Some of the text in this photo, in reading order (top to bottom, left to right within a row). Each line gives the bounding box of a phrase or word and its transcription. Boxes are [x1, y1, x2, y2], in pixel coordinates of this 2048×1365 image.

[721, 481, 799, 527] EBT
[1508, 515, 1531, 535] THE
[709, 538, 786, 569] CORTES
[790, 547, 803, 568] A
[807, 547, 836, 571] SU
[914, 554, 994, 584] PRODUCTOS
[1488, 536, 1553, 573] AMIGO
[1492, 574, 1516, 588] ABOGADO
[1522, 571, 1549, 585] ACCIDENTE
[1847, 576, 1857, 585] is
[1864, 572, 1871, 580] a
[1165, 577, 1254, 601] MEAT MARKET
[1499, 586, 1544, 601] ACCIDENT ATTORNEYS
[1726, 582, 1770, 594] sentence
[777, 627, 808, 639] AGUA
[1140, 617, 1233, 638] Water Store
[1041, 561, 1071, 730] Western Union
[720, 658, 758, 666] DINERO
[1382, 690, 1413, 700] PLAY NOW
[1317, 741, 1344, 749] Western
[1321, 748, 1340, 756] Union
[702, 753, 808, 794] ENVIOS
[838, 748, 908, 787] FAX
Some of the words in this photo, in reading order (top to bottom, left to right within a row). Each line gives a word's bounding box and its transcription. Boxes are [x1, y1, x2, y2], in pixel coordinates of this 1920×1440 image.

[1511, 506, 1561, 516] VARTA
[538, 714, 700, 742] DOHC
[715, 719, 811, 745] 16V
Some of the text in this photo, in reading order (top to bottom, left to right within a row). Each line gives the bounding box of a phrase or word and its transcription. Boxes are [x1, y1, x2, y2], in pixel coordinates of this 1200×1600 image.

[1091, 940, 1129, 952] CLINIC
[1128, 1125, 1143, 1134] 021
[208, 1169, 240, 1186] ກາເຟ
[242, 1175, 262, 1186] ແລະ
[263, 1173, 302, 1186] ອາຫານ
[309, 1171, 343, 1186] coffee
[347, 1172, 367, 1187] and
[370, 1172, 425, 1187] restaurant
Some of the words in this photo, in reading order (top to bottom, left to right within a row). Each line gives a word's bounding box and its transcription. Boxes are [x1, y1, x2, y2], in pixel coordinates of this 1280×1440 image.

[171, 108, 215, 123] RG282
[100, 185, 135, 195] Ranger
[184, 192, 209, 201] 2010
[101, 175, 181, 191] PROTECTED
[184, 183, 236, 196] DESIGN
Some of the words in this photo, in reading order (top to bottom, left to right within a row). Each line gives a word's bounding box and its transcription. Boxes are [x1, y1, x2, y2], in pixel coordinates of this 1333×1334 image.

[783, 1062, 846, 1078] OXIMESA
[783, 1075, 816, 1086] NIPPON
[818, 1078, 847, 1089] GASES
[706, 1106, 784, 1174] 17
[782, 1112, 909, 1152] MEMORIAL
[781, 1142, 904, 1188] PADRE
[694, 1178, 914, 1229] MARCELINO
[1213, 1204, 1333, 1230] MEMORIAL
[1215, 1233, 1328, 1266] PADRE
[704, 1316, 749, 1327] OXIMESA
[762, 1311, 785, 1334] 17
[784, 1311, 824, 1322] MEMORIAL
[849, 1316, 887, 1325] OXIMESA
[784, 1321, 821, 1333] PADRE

——

▸ Activity: Copy all of the data exactly. Skip nothing.

▸ Written solution:
Some of the text in this photo, in reading order (top to bottom, left to right within a row). Each line gives the bounding box of a phrase or word and its transcription. Boxes are [x1, y1, x2, y2], in pixel coordinates of this 2048×1365 image.

[721, 481, 799, 527] EBT
[1508, 515, 1531, 535] THE
[709, 538, 786, 569] CORTES
[790, 547, 803, 568] A
[807, 547, 836, 571] SU
[914, 554, 994, 584] PRODUCTOS
[1488, 536, 1553, 573] AMIGO
[1492, 574, 1516, 588] ABOGADO
[1522, 571, 1549, 585] ACCIDENTE
[1847, 576, 1857, 585] is
[1864, 572, 1871, 580] a
[1165, 577, 1254, 601] MEAT MARKET
[1499, 586, 1544, 601] ACCIDENT ATTORNEYS
[1726, 582, 1770, 594] sentence
[777, 627, 808, 639] AGUA
[1140, 617, 1233, 638] Water Store
[1041, 561, 1071, 730] Western Union
[720, 658, 758, 666] DINERO
[1382, 690, 1413, 700] PLAY NOW
[1317, 741, 1344, 749] Western
[1321, 748, 1340, 756] Union
[702, 753, 808, 794] ENVIOS
[838, 748, 908, 787] FAX
Some of the words in this photo, in reading order (top to bottom, left to right within a row). Each line gives a word's bounding box and its transcription. Boxes are [x1, y1, x2, y2], in pixel coordinates of this 1920×1440 image.

[1511, 506, 1561, 516] VARTA
[538, 714, 700, 742] DOHC
[715, 719, 811, 745] 16V
Some of the text in this photo, in reading order (top to bottom, left to right within a row). Each line gives the bounding box of a phrase or word and its transcription. Boxes are [x1, y1, x2, y2], in pixel coordinates of this 1200×1600 image.

[1091, 940, 1129, 952] CLINIC
[1128, 1125, 1143, 1134] 021
[208, 1169, 240, 1186] ກາເຟ
[242, 1175, 262, 1186] ແລະ
[263, 1173, 302, 1186] ອາຫານ
[309, 1171, 343, 1186] coffee
[347, 1172, 367, 1187] and
[370, 1172, 425, 1187] restaurant
Some of the words in this photo, in reading order (top to bottom, left to right within a row). Each line gives a word's bounding box and its transcription. Boxes are [x1, y1, x2, y2], in pixel coordinates of this 1280×1440 image.

[171, 108, 215, 123] RG282
[100, 185, 135, 195] Ranger
[184, 192, 209, 201] 2010
[101, 175, 181, 191] PROTECTED
[184, 183, 236, 196] DESIGN
Some of the words in this photo, in reading order (top to bottom, left to right within a row). Each line gives a word's bounding box and its transcription. Boxes are [x1, y1, x2, y2], in pixel coordinates of this 1333×1334 image.

[783, 1062, 846, 1078] OXIMESA
[783, 1075, 816, 1086] NIPPON
[818, 1078, 847, 1089] GASES
[706, 1106, 784, 1174] 17
[782, 1112, 909, 1152] MEMORIAL
[781, 1142, 904, 1188] PADRE
[694, 1178, 914, 1229] MARCELINO
[1213, 1204, 1333, 1230] MEMORIAL
[1215, 1233, 1328, 1266] PADRE
[704, 1316, 749, 1327] OXIMESA
[762, 1311, 785, 1334] 17
[784, 1311, 824, 1322] MEMORIAL
[849, 1316, 887, 1325] OXIMESA
[784, 1321, 821, 1333] PADRE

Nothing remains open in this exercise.